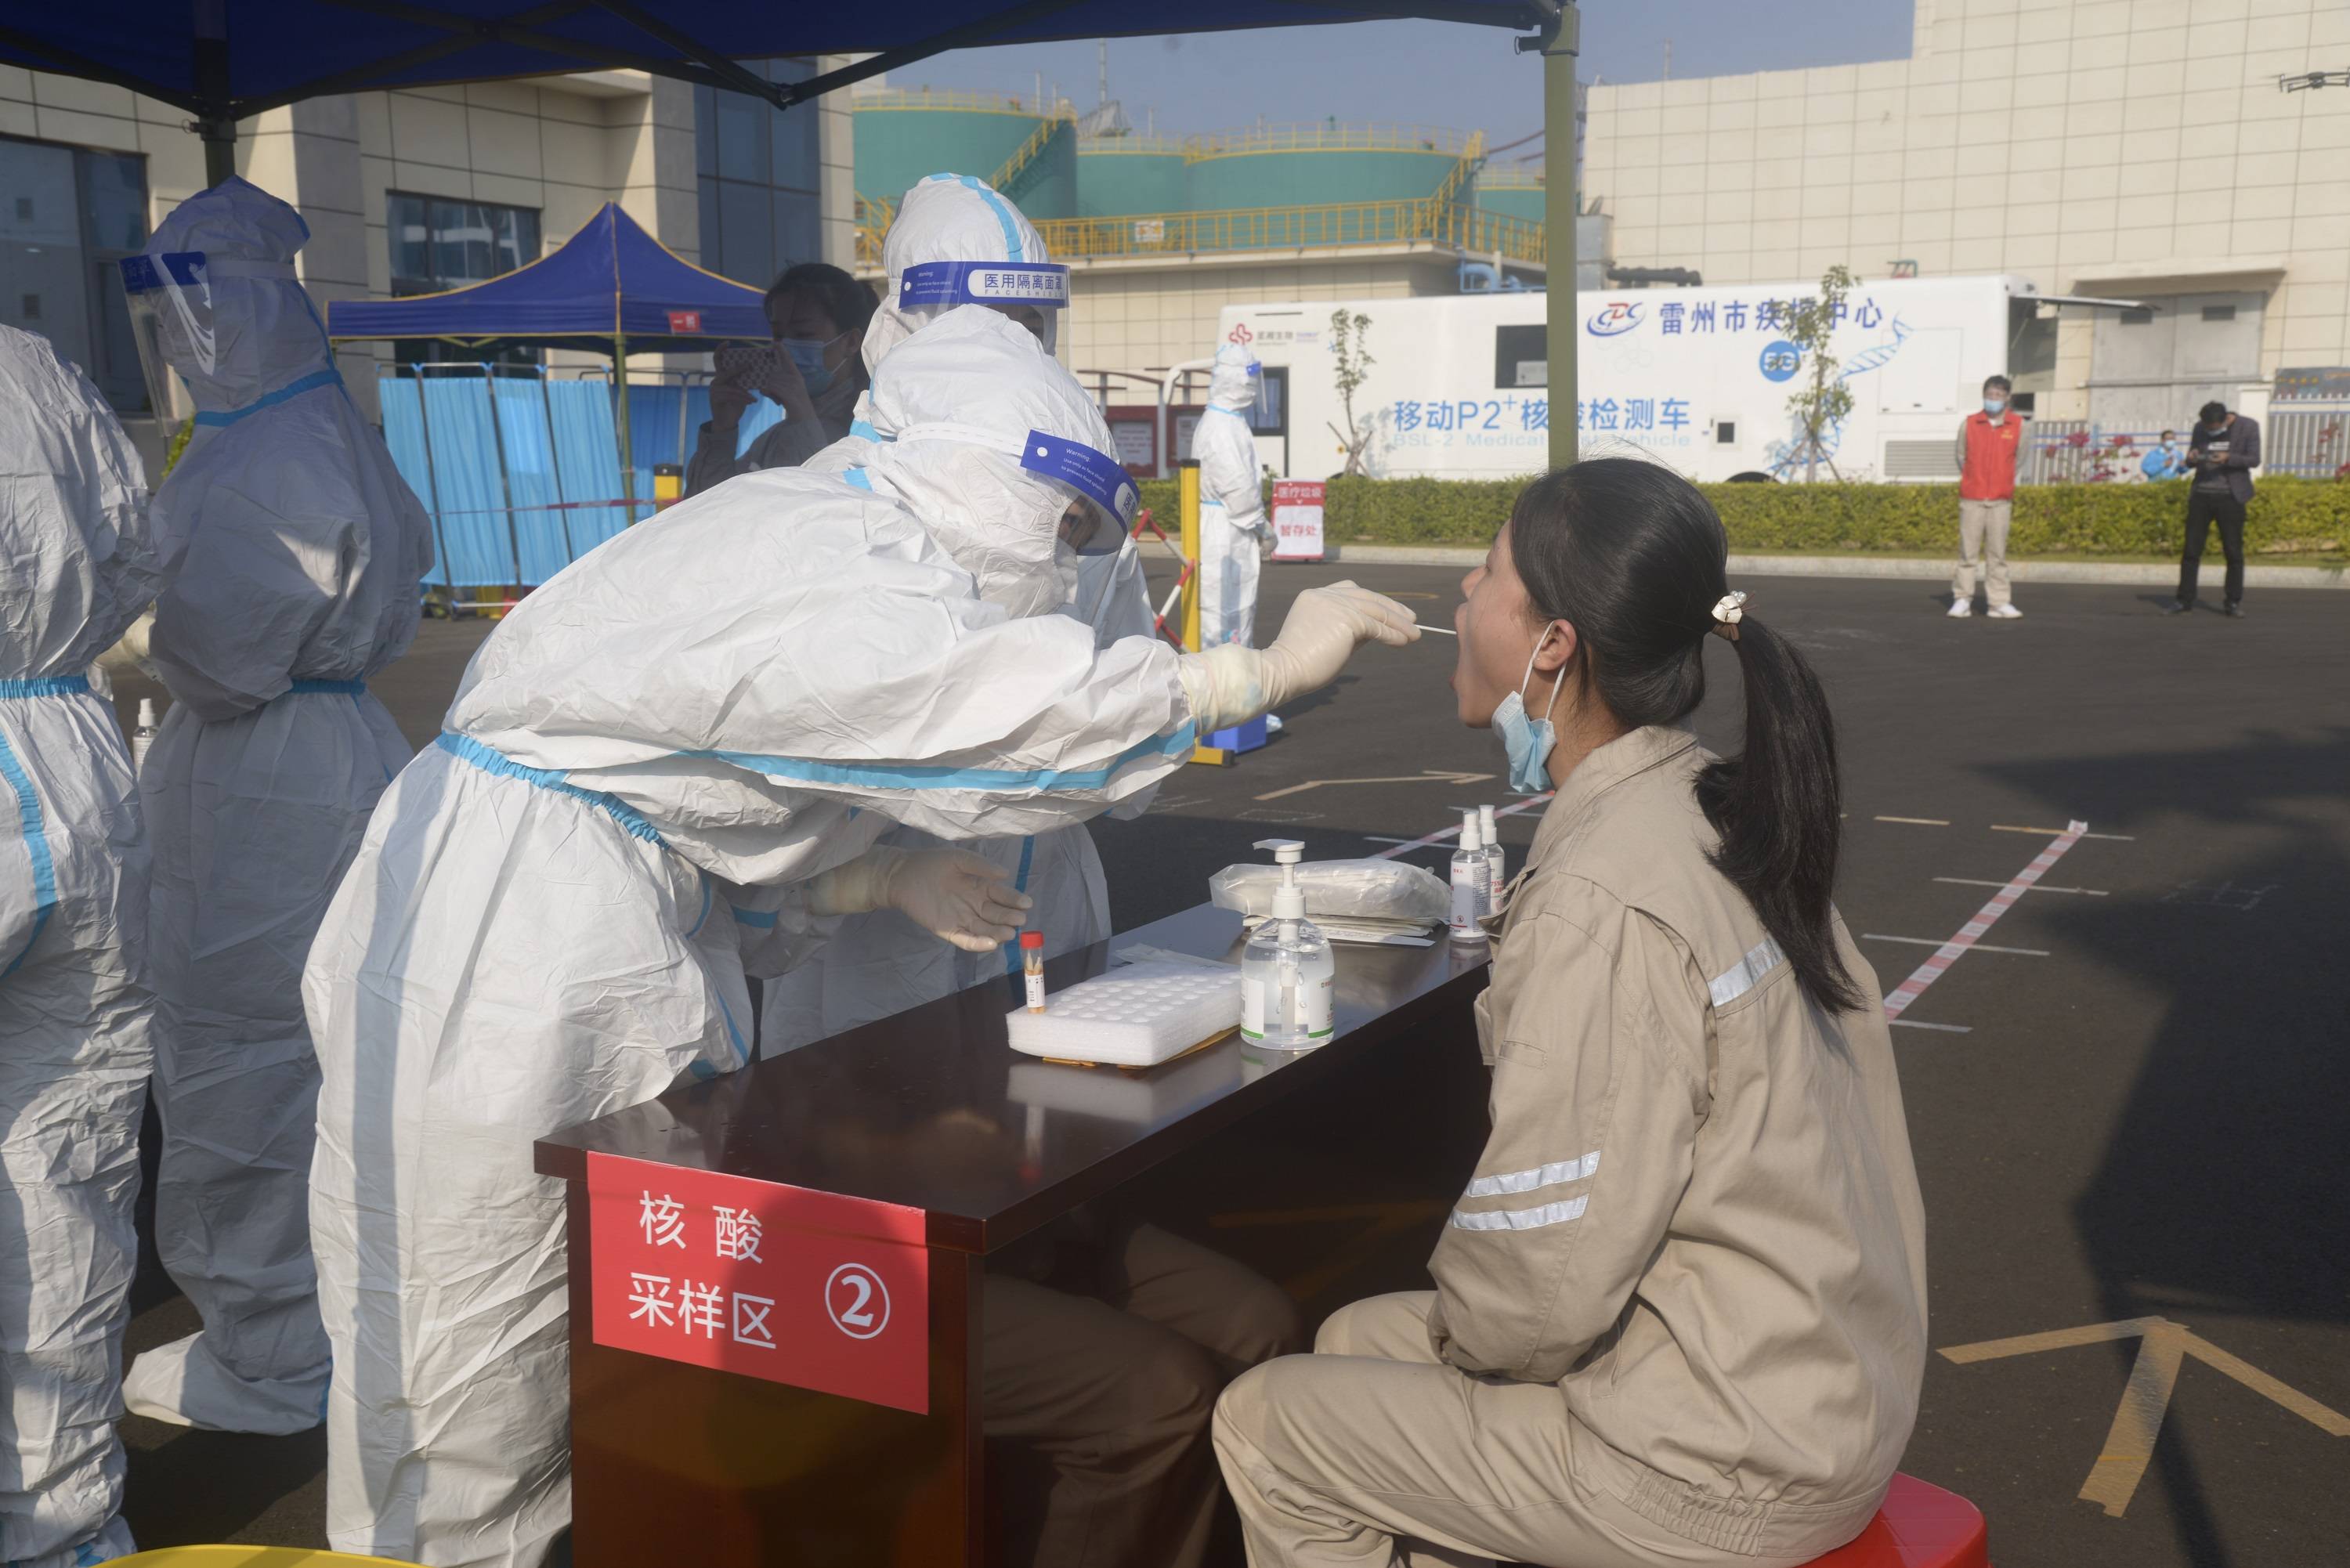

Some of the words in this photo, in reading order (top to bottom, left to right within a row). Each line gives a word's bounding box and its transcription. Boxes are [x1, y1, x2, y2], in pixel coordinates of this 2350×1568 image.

[985, 273, 1062, 290] 医用隔离面罩
[1763, 352, 1796, 372] 5G
[1393, 433, 1455, 447] BSL-2
[1065, 448, 1091, 462] Warning:
[1278, 486, 1322, 499] 医疗垃圾
[1281, 525, 1316, 537] 暂存处
[639, 1190, 764, 1264] 核酸
[628, 1272, 777, 1349] 采样区

EXERCISE REQUIREMENTS
The pictures in the listing above are to be dropped, and everything else reproduced exactly.

SOLUTION
Some of the words in this photo, in reading order (top to bottom, left to right within a row). Each line gives a word's bounding box and its transcription. Boxes are [x1, y1, x2, y2], in pixel coordinates of this 2350×1568 image.

[985, 273, 1062, 290] 医用隔离面罩
[1763, 352, 1796, 372] 5G
[1393, 433, 1455, 447] BSL-2
[1065, 448, 1091, 462] Warning:
[1278, 486, 1322, 499] 医疗垃圾
[1281, 525, 1316, 537] 暂存处
[639, 1190, 764, 1264] 核酸
[628, 1272, 777, 1349] 采样区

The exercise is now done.